Copy down every line of the data that follows exactly. Omit the pictures.

● Provided records:
——

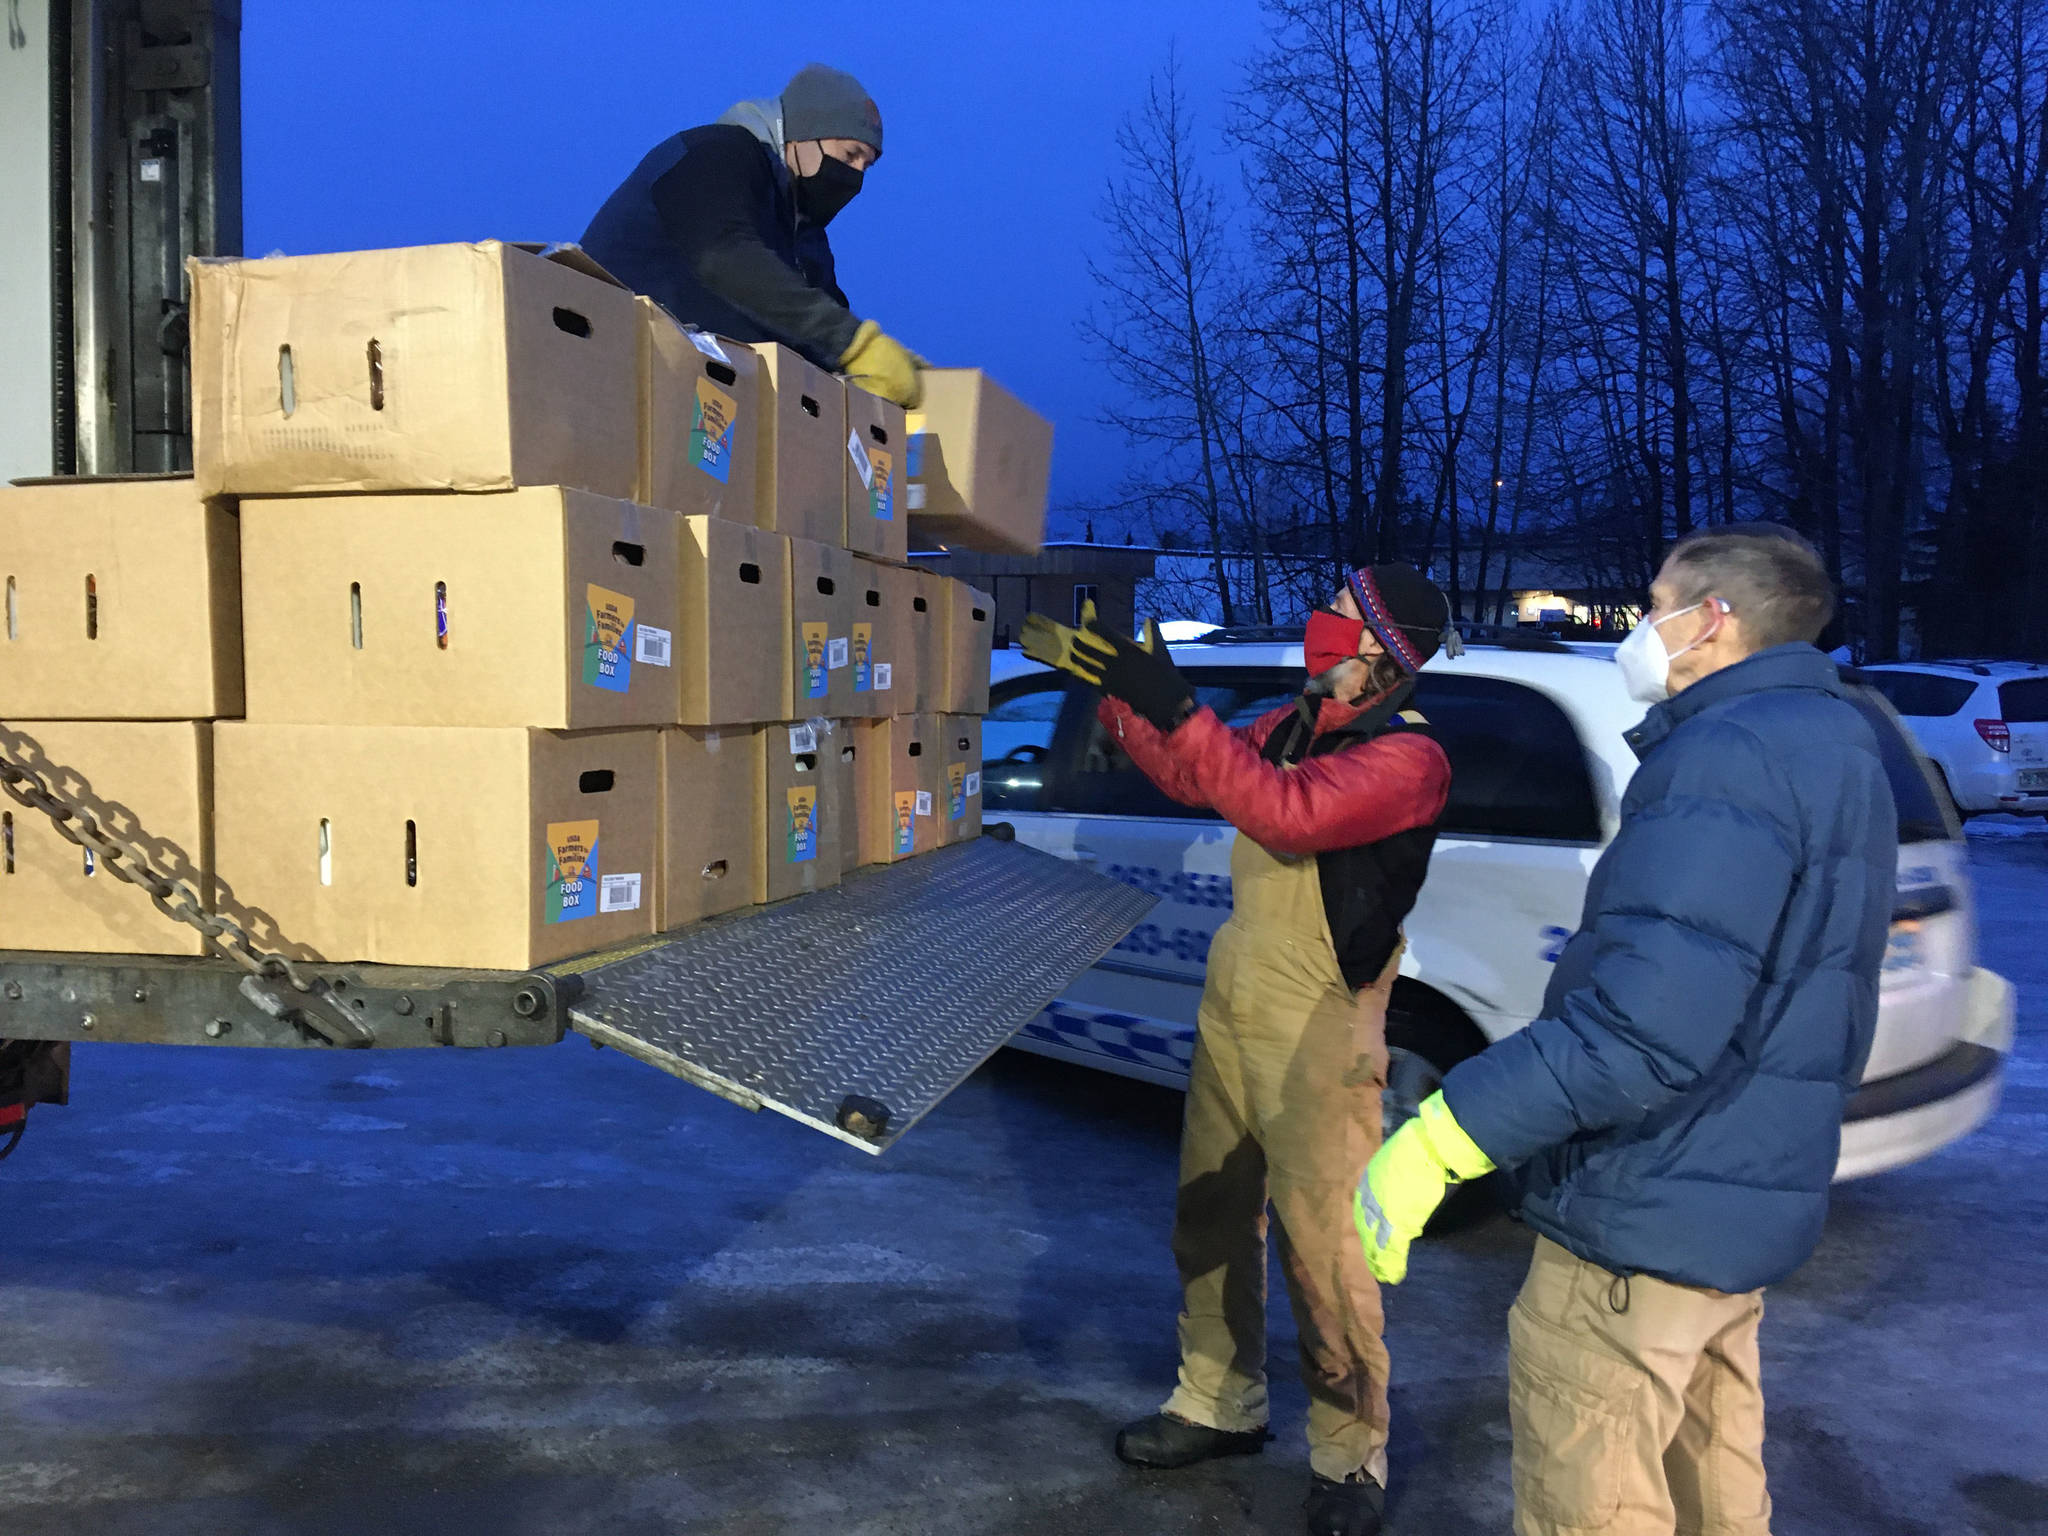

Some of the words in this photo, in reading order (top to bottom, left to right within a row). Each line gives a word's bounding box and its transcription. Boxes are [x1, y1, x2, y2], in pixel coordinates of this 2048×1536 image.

[703, 437, 721, 454] FOOD
[704, 449, 717, 465] BOX
[598, 649, 619, 664] FOOD
[600, 663, 616, 676] BOX
[558, 845, 583, 855] Farmers
[559, 855, 585, 865] Families
[561, 881, 583, 895] FOOD
[563, 895, 580, 907] BOX

——

● Response:
Some of the words in this photo, in reading order (top to bottom, left to right within a row). Each line gives a word's bounding box and its transcription. Boxes are [x1, y1, x2, y2], in pixel coordinates of this 2048×1536 image.

[703, 437, 721, 454] FOOD
[704, 449, 717, 465] BOX
[598, 649, 619, 664] FOOD
[600, 663, 616, 676] BOX
[558, 845, 583, 855] Farmers
[559, 855, 585, 865] Families
[561, 881, 583, 895] FOOD
[563, 895, 580, 907] BOX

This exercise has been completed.